Fruit flies I am at war with fruit flies. I surmise that they are coming in through the screens in the kitchen windows, because right outside the kitchen is our apple orchard (two trees). There is a lot of fallen and rotting fruit, and I believe this is where the flies originate. The compost pail has now moved outside to the deck, which is for the best because it’s a breeding ground for fruit flies, though hubby insists on bringing it inside from time to time and enraging me. There are flies in and around the sink, and flies around our heads while we eat dinner. I bought a trap from Lee Valley Tools but I don’t know how many have fallen for it. They are wiley, those fruit flies.

Threatening wildlife, fattening up for winter Apparently this is the time of year when I have to really worry about fishers, coyotes, etc etc. Cats are starting to go missing, and we all know how I feel about that. My little fatty Sasha sticks close to home most of the time, but she’s started staying out later and later at night, and it makes me nervous. We’ve started enlisting Rosie to go out (on a leash) and find her in the dark.

My slow garden I have tomatoes, they’re just not red yet. I have picked a bunch, and want to bring them inside to ripen, but am terrified of encouraging the abovementioned fruit flies. Any ideas are welcome. I am still waiting on some potatoes (I planted them really late) and am still getting zucchini, but everything else is a wash. I got garlic (whoop, that’s the easiest thing) and onions, and potatoes (which were all floury and terrible), and four carrots which were purple, so I suspect my sister-in-law threw them out when she found them in the fridge. They were meant to be purple but she didn’t know that. I got one plum. At least we will have a wonderful apple harvest. Everything is a giant mess, as it always is at this time of year.

The onset of fall We’re unprepared for fall this year. We don’t have our firewood, let alone have it split and stacked and put away. We haven’t had our chimney cleaned. I haven’t cleaned out the garden. The grass is half-mowed, because our mower died. The car needs repairs, and we need to sell the Saturn station wagon that lives in our driveway which will get us peanuts I’m sure. We sold the blue truck (sniff) and will keep it to the Vibe for the winter, I think. We may need new winter tires (cha-ching). We haven’t done anything regarding our siding this year, though Stuart, our handyman guy, said he’d do it in the fall sometime. However, I haven’t painted any boards for it, and don’t even know how many we’ve got. The trailer is woefully unprepared for the winter onslaught, as we don’t think it can handle 4 feet of snow on top of it, and it’s definitely not mouse-or-water-tight, I’ve learned. I feel like I just pulled the garlic out of the garden and I need to think about weeding it and planting next year’s. I need to buy an extra month somehow. I am anxious just writing this out, and could really use a glass of wine.

Junk I am tired of dealing with all the junk in our house. I keep trying to encourage a clean up day (!! to make it sound fun) but we never seem to get rid of a satisfactory amount of stuff. All the empty spaces fill right back up again. This is why we need a cottage. I keep things around (old kitchen sink, old bottles, etc) because I have plans to put them in a cottage someday, but in the meantime you can’t hardly walk through our basement. This weekend I have to do the ol’ twice-annual clothing switch (summer to winter, boo hoo) and I really want to get hubby to do a major sort in his closet. We need to make space, because it’s getting a bit oppressive, and winter only makes that feeling worse.

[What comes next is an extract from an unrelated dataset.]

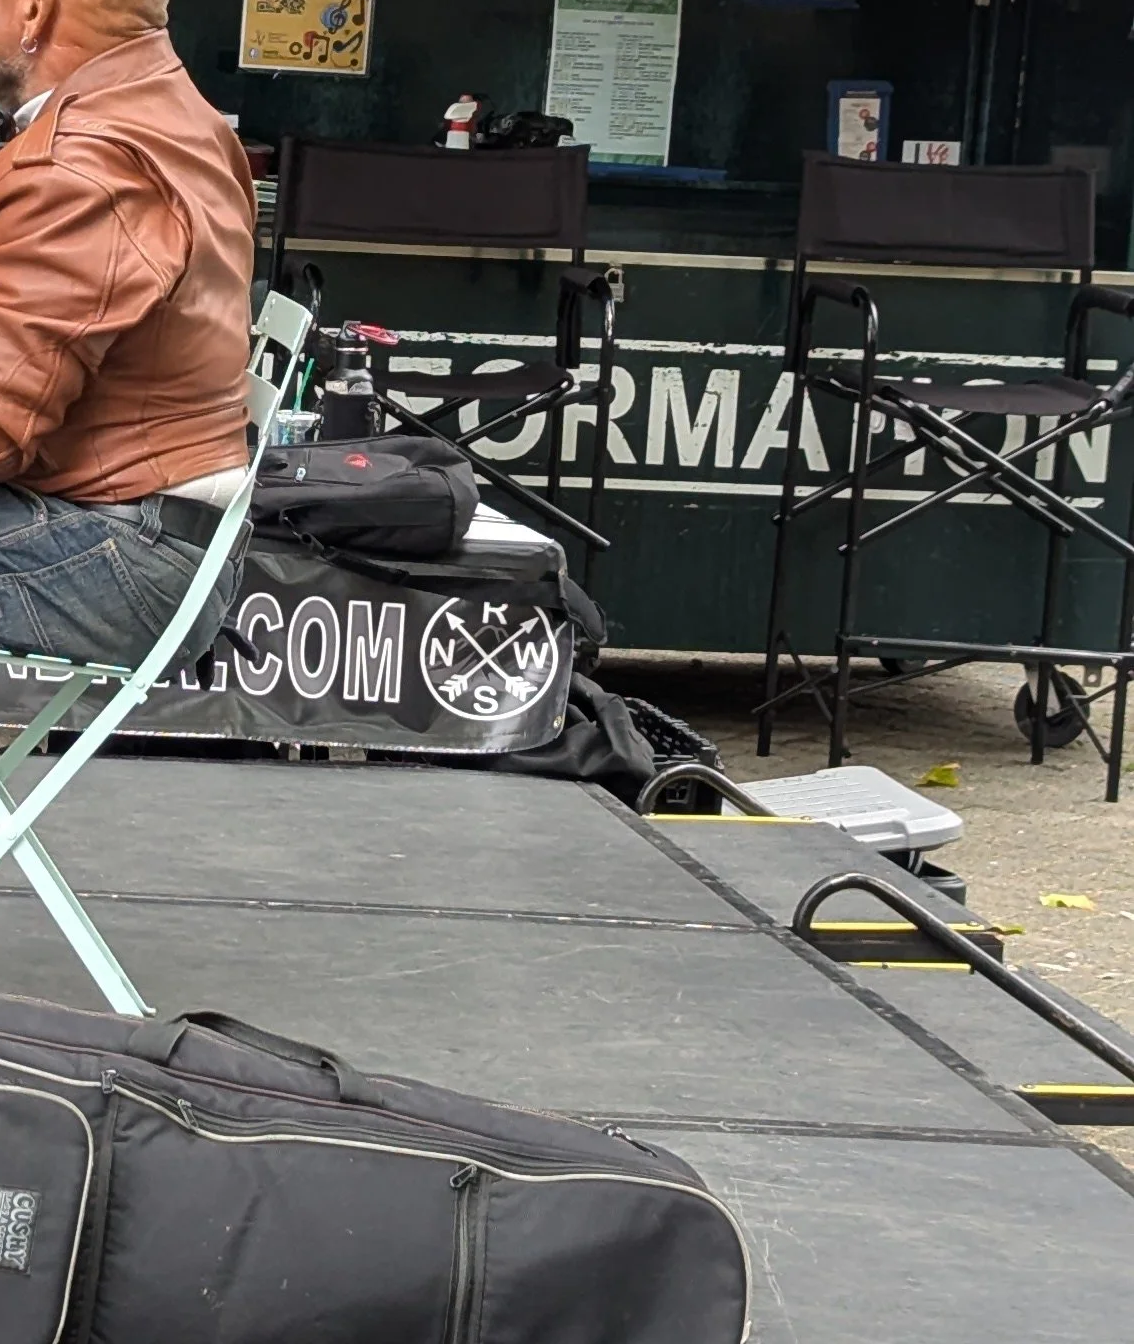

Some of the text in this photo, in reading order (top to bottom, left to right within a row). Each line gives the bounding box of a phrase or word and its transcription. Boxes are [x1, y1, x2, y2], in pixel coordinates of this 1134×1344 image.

However, all of this being said, I am a person with a can-do attitude (ha!) and this list of things that I hate now turns into a list of things to deal with:

- put up sticky traps for fruit flies.
- pick tomatoes, remaining potatoes and onions. Ripen them in a fruit-fly-free locale.
- Buy organic garlic and plant it for next year.
- Rip all the weeds and old plants out of the veggie garden.
- Pick apples.
- Order firewood.
- Split and stack firewood.
- Have chimney cleaned.
- Repair car.
- Sell Saturn.
- Call Stuart.
- Check winter tires.
- Winterize the trailer.
- Clean closets.
- Switch clothes summer/winter.
- Put junk away or throw it out.

I should just keep this list as a template, an annual to-do list, because these tasks are the same from year to year. Fall sucks.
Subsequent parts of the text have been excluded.